Work instructions. Copying task for the records below: reproduce each one exactly and drop the pictures.

[Phrase grounding data]
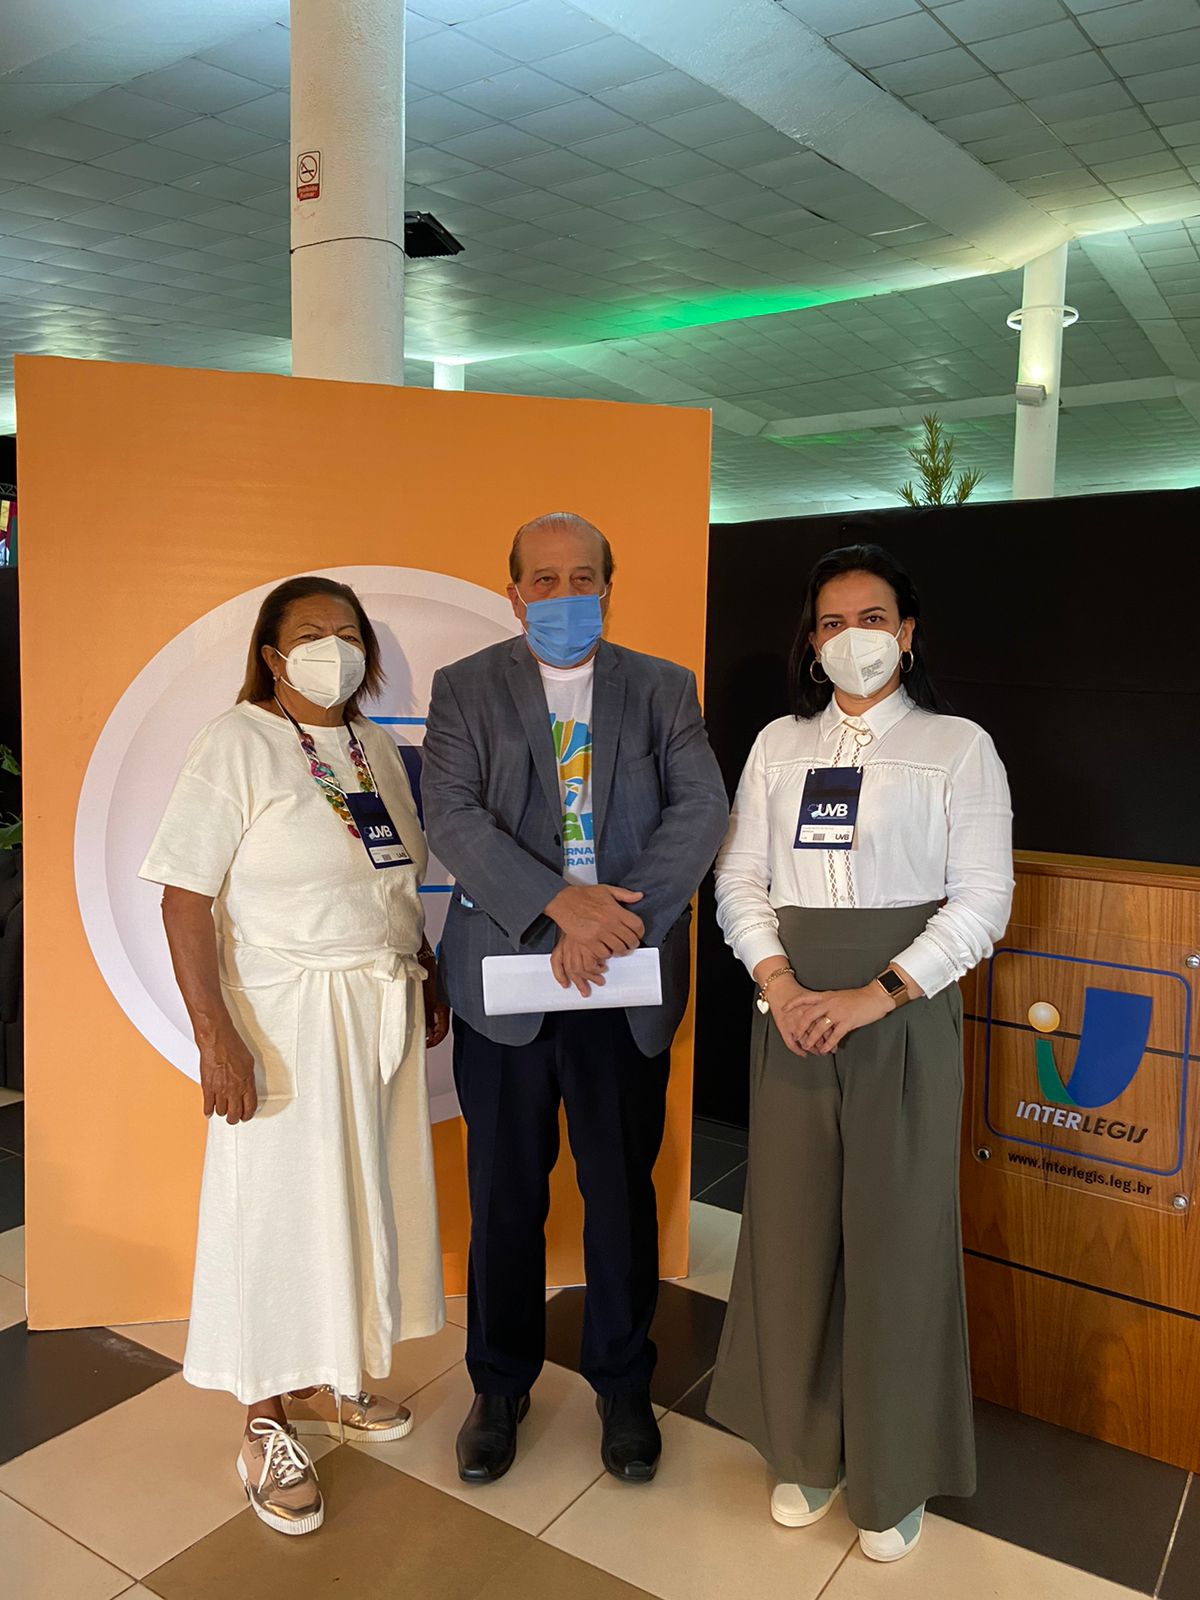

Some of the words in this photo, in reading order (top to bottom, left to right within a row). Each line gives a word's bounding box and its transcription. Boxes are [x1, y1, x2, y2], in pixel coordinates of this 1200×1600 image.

[817, 803, 848, 816] UVB
[370, 825, 392, 837] UVB
[564, 847, 593, 856] RNA
[564, 858, 594, 866] RAN
[1016, 1100, 1149, 1144] INTERLEGIS
[1007, 1152, 1153, 1195] www.interlegis.leg.br
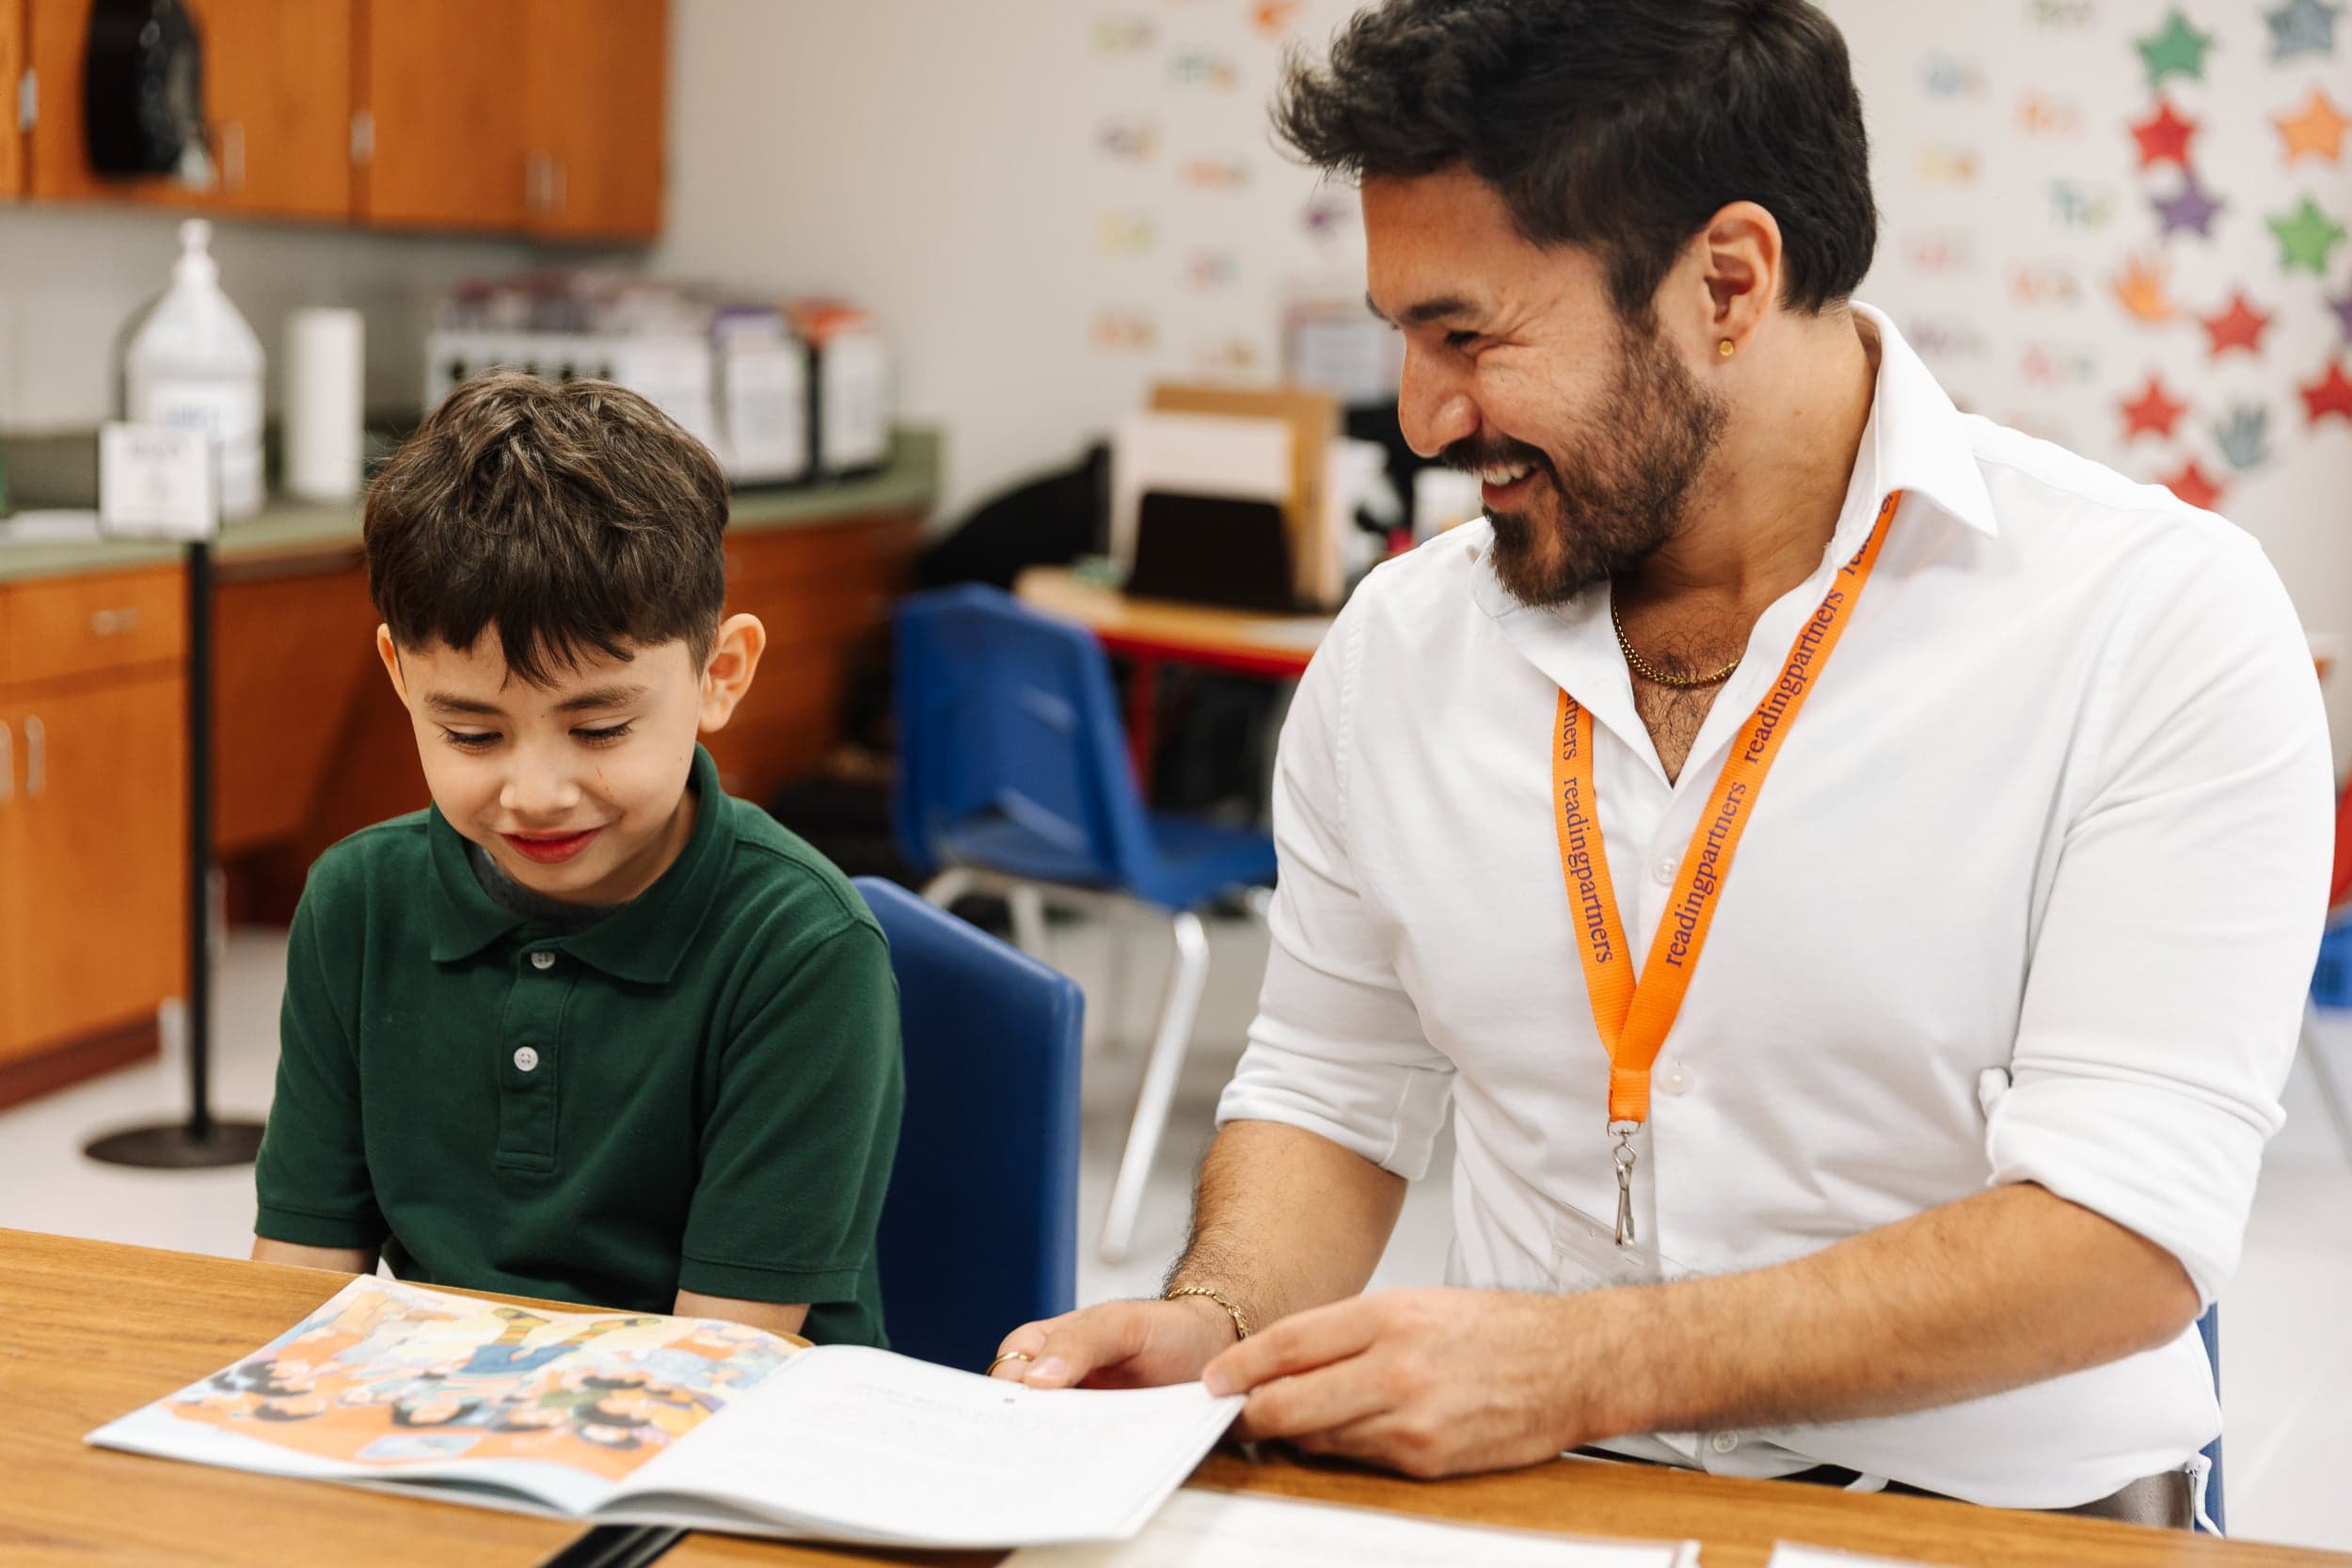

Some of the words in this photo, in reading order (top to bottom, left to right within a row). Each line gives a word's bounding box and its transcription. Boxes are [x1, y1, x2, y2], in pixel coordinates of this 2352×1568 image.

Task output.
Some of the words in this photo, in reading order (top to bottom, left to right within a row). Each line gives a word's bounding box and its transcription. Boxes are [x1, y1, x2, y2], in pixel coordinates of this 1200×1600 image.

[817, 803, 848, 816] UVB
[370, 825, 392, 837] UVB
[564, 847, 593, 856] RNA
[564, 858, 594, 866] RAN
[1016, 1100, 1149, 1144] INTERLEGIS
[1007, 1152, 1153, 1195] www.interlegis.leg.br

Some of the words in this photo, in reading order (top to bottom, left to right within a row). Each line gives a word's bounding box and its transcription. Boxes are [x1, y1, x2, y2], in pixel coordinates of this 2352×1568 image.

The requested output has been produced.